As a deacon in Rome, Lawrence was responsible for the material goods of the Church and the distribution of alms to the poor. Ambrose of Milan related that when the treasures of the Church were demanded of Lawrence by the prefect of Rome, he brought forward the poor, to whom he had distributed the treasure as alms. "Behold in these poor persons the treasures which I promised to show you; to which I will add pearls and precious stones, those widows and consecrated virgins, which are the Church's crown." The prefect was so angry that he had a great gridiron prepared with hot coals beneath it and had Lawrence placed on it, hence Lawrence's association with the gridiron.
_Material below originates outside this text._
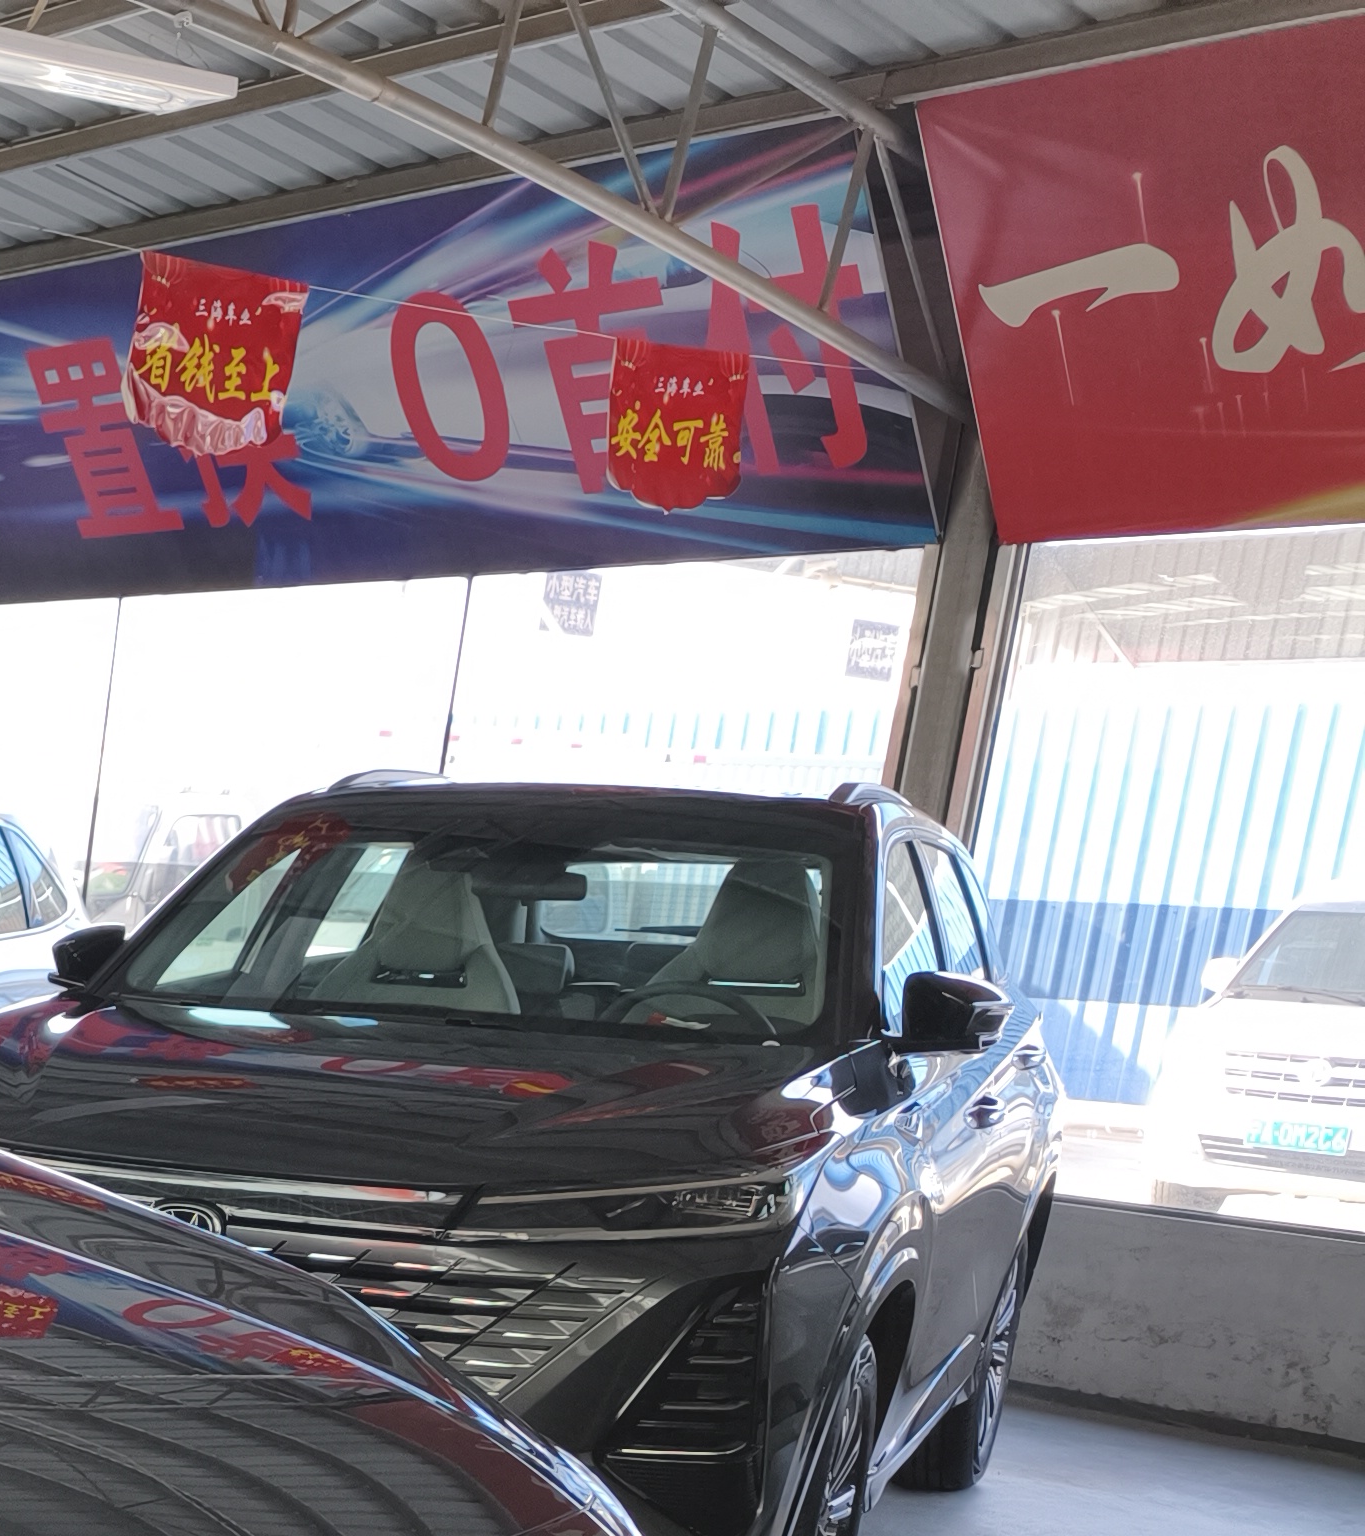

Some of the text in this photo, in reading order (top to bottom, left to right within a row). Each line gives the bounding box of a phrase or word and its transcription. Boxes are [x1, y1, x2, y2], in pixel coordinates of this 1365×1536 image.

[195, 298, 252, 326] 三海车业
[135, 325, 280, 403] 省钱至上
[611, 409, 729, 472] 安全可靠
[547, 575, 599, 605] 小型汽车
Lawrence was sentenced at the Temple of Antoninus and Faustina and imprisoned in the house of the centurion Hippolytus (the site of which is now San Lorenzo in Fonte), where he baptized fellow prisoners. He was martyred on the Esquiline Hill, at a site which is now the church of San Lorenzo in Panisperna, and was buried in the Catacomb of Cyriaca on the Via Tiburtina, upon which has been built the Basilica Papale di San Lorenzo fuori le mura. The Almanac of Filocalus for 354 states that he was buried in the catacomb by Hippolytus and Justin the Confessor, a presbyter. One of the early sources for his martyrdom was the description of Aurelius Prudentius Clemens in his Peristephanon, Hymn 2.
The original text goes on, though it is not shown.